On devrait s'inquiéter de ce que les politiques économiques menées au Japon, au Royaume-Uni,
dans la zone euro ou annoncées aux États-Unis ont clairement un effet positif sur les Bourses, mais
pas nécessairement sur les économies, et peuvent même au contraire être défavorables à
l'économie réelle.
Aux États-Unis, Donald Trump a annoncé une politique budgétaire expansionniste, consistant
essentiellement en une forte baisse des impôts des entreprises (en principe le taux d'imposition des
profits des entreprises doit passer de 35 à 15 %). Mais cette politique va être mise en place dans une
économie qui est au plein-emploi : le taux de chômage est de 4,7 % et les salaires accélèrent : le
salaire médian a augmenté de près de 3 % en un an, celui des Américains les moins bien payés a
augmenté de 6 % en un an.
Mettre en place une politique budgétaire expansionniste dans un tel contexte ne peut pas stimuler
la production (il n'y a plus de chômeurs à embaucher pour accroître la production) mais conduit à
des pressions inflationnistes, à la hausse des taux d'intérêt et au déficit extérieur.
Idée reçue
Dans les autres grandes régions de l'OCDE (Japon, zone euro, Royaume-Uni), une des
composantes essentielles de la politique économique menée depuis quelques années est d'essayer
de déprécier le taux de change, avec les taux d'intérêt très bas (même négatifs), avec le «
quantitative easing » (la hausse rapide de la quantité de monnaie créée par la Banque centrale).

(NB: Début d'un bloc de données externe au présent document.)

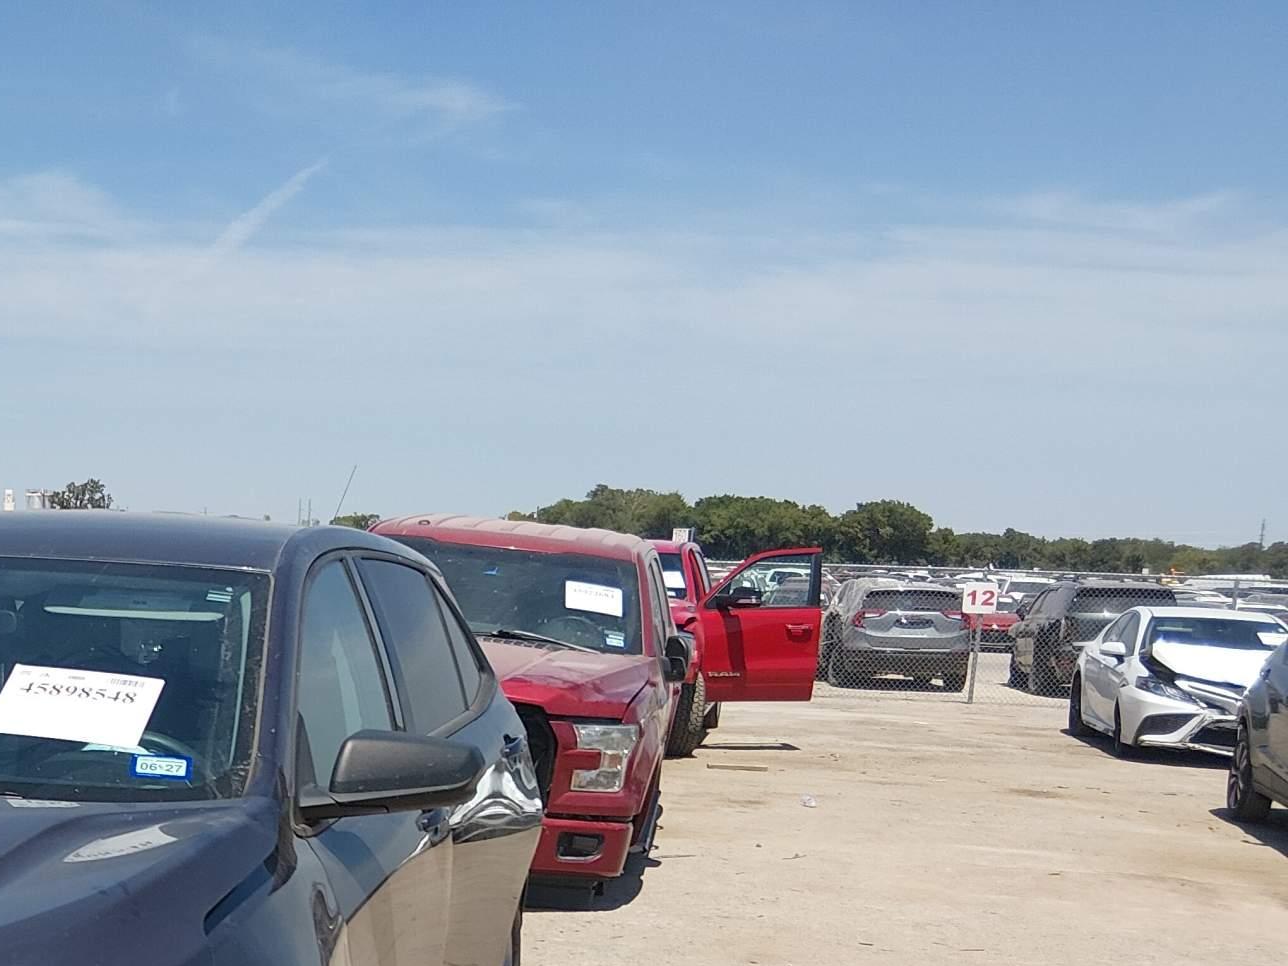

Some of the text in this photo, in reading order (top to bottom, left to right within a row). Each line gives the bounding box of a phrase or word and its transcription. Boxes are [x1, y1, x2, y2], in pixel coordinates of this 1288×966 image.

[967, 589, 996, 607] 12
[19, 681, 138, 705] 45898548
[140, 761, 158, 772] 06
[164, 763, 183, 774] 27

On croit souvent que dévaluer le taux de change est favorable à l'économie : ce n'est pas vrai pour le
Japon, le Royaume-Uni, la zone euro prise dans son ensemble. Ces trois régions ont une sensibilité
faible de leur commerce extérieur en volume au taux de change ; ce qu'ils importent n'est plus
produit domestiquement avec la segmentation entre différents pays des processus de production ;
ils exportent des biens et services sophistiqués, dont la demande est peu sensible à leurs prix.

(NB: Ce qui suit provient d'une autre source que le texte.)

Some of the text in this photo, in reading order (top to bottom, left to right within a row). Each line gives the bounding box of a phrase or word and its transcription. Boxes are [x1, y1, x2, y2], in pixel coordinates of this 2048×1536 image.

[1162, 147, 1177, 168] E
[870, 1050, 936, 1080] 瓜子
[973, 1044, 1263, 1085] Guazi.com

Lorsque le yen, la livre sterling et l'euro s'affaiblissent, l'effet dominant sur le Japon, le RoyaumeUni et la zone euro est alors la perte de pouvoir d'achat des revenus venant de la hausse du prix des
importations.
Soutien explicite
Dans ces trois pays, la dépréciation du change réduit l'activité réelle, mais soutient les cours
boursiers, pour une raison mécanique : les entreprises cotées réalisent une partie importante de
leurs profits à l'étranger, donc en devises, et la valeur dans la monnaie du pays de ces profits
s'accroît lorsque la monnaie du pays se déprécie.

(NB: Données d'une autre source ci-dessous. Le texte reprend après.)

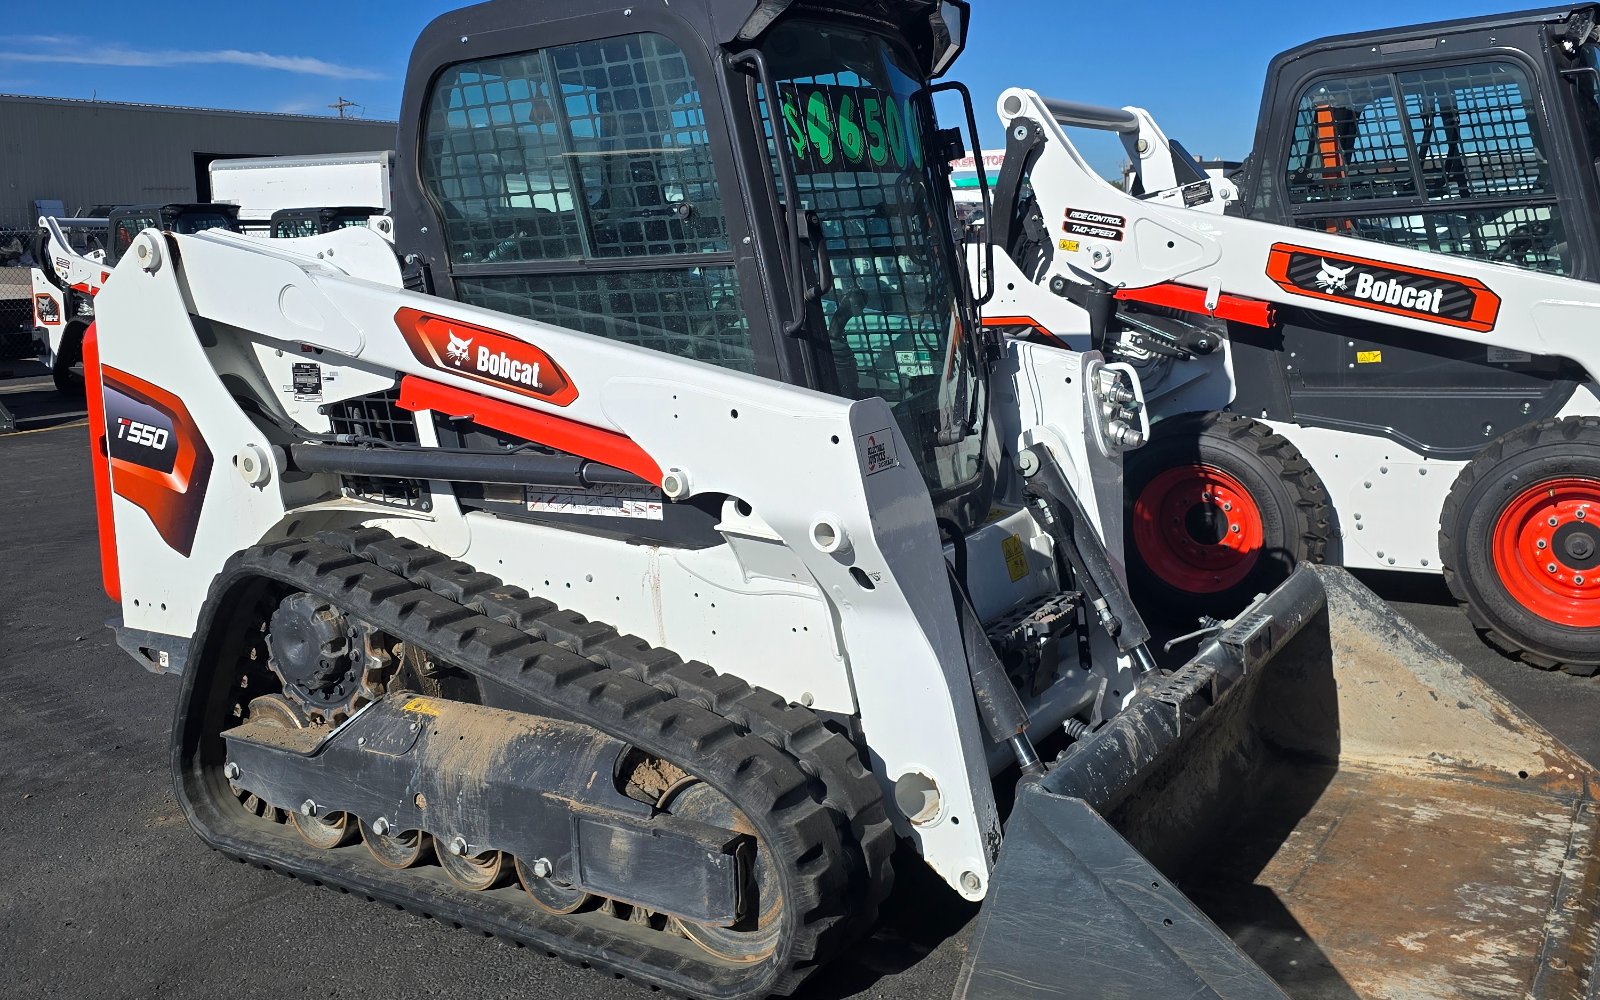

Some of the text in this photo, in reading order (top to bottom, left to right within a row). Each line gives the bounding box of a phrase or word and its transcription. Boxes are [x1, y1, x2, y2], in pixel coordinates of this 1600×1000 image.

[1069, 211, 1122, 225] RIDE CONTROL
[1071, 225, 1117, 238] TWO-SPEED
[1355, 272, 1443, 314] Bobcat
[476, 345, 540, 388] Bobcat
[117, 417, 169, 451] T550

Le soutien de la Bourse est-il un objectif explicite, volontaire, de la politique économique de ces
pays, ou est-il une conséquence de politiques qui sont par ailleurs mal conçues et n'ont pas d'effet
sur la croissance ? Aux États-Unis, il est possible que Donald Trump veuille faire monter la Bourse
; la Banque du Japon a clairement une politique de soutien du Nikkei puisqu'elle achète des ETF («
exchange-traded funds », des fonds cotés) investis en actions. Il est plus douteux que la BCE et la
Banque d'Angleterre aient un objectif de soutien du marché boursier ; plus probablement, elles
évaluent mal l'effet de la dépréciation du taux de change sur l'économie.
Peut-on espérer que la hausse des cours boursiers ait indirectement un effet favorable sur
l'économie ? Les effets de richesse liés aux actions sont élevés aux États-Unis, au Royaume-Uni, au
Japon, faibles dans la zone euro. Les États-Unis sont au plein-emploi, donc, même si la hausse de
la Bourse soutient la demande, l'effet sur la croissance sera faible. Au Royaume-Uni et au Japon,
probablement, des cours boursiers plus élevés peuvent avoir un effet positif sur l'activité. Mais il ne
faut pas oublier qu'ils sont obtenus par une dépréciation du change, qui a, elle, un effet négatif sur
l'activité.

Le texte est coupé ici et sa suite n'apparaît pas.